To me, good chicken salad starts with the mayonnaise — I’m not going to insist that you make it yourself — but you’d definitely score bonus points if you did. Duke’s or Hellman’s works fine here, but I like to jazz it up with fresh lemon juice, some whole grain Dijon mustard and plenty of freshly chopped tarragon.
Then we get to the add-ins. (Think of it like ice cream at Stone Cold Creamery — what mix-ins do you want?) Finely diced red onion and celery are a must. But I also like a sweet component.
Dried fruit would work, but there’s something about crispy sweet-tart apples and seedless grapes that makes this chicken salad sing. That, along with a healthy dose of chopped, toasted pecans. I am from the South, after all!
If you’re packing this as a brown-bag option for lunch, put the chicken salad in a Tupperware container and pack the bread/greens separately. It’s better when it’s assembled just before eating!
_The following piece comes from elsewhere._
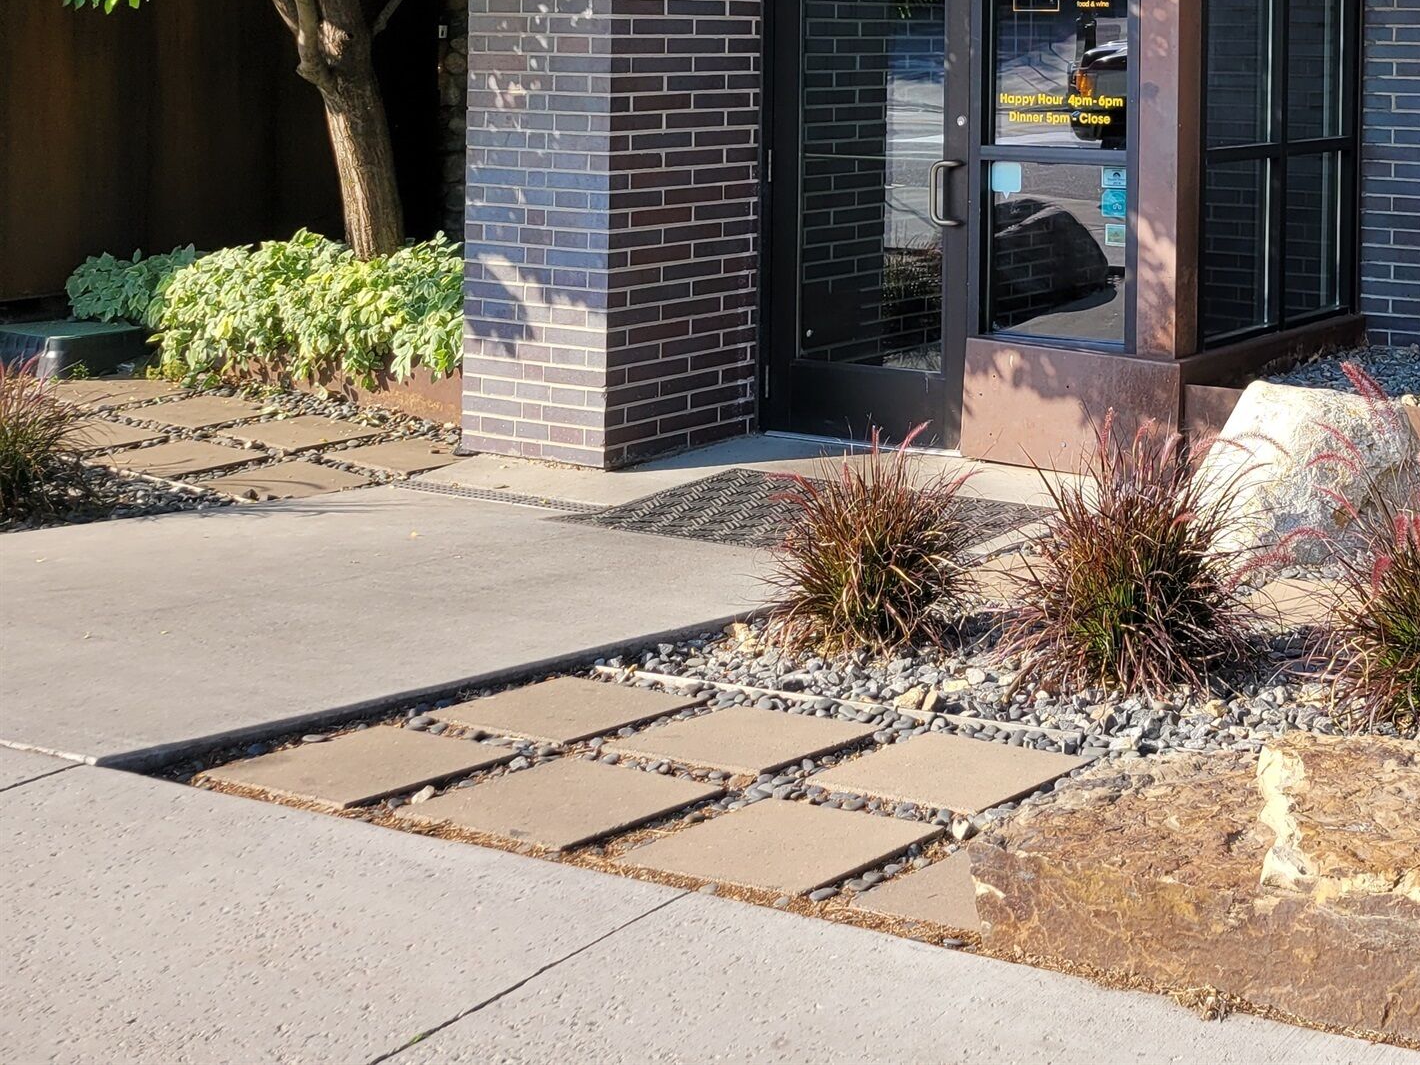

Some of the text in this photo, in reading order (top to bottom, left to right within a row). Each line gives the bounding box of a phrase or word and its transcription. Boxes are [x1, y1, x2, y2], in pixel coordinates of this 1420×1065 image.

This chicken salad goes beyond the ordinary with toasted pecans, sweet grapes and a herbal tarragon dressing!
- 2 stalks celery diced
- 1/4 cup red onion about 1/4 of a whole onion, minced
- 2 1/2 cups chicken breast cooked and diced
- 1 cup seedless grapes halved lengthwise
- 1 small apple peeled, seeded, chopped
- 1/2 cup pecans
- 2 tablespoons lemon juice
- 1/2 cup mayonnaise
- 1 tablespoon whole grain dijon mustard
- 1/4 cup tarragon freshly chopped
- salt and pepper to taste
Preheat oven to 300 degrees.
Lay pecans on a baking sheet and bake for 10-12 minutes until lightly toasted and fragrant. Set aside to cool.
Add celery, onion, chicken, grapes and apple to a large bowl and toss to combine.
In a small bowl stir together lemon juice, mayonnaise and whole grain mustard. Stir in chopped tarragon and taste for seasoning -- adding salt and pepper as needed
Add mayonnaise mixture to chicken. Using a large spoon or spatula, fold the mayonnaise into the chicken until well coated.
Roughly chop the pecans, add them to the salad and stir to combine.
Great served with toasted bread or on a bed of greens.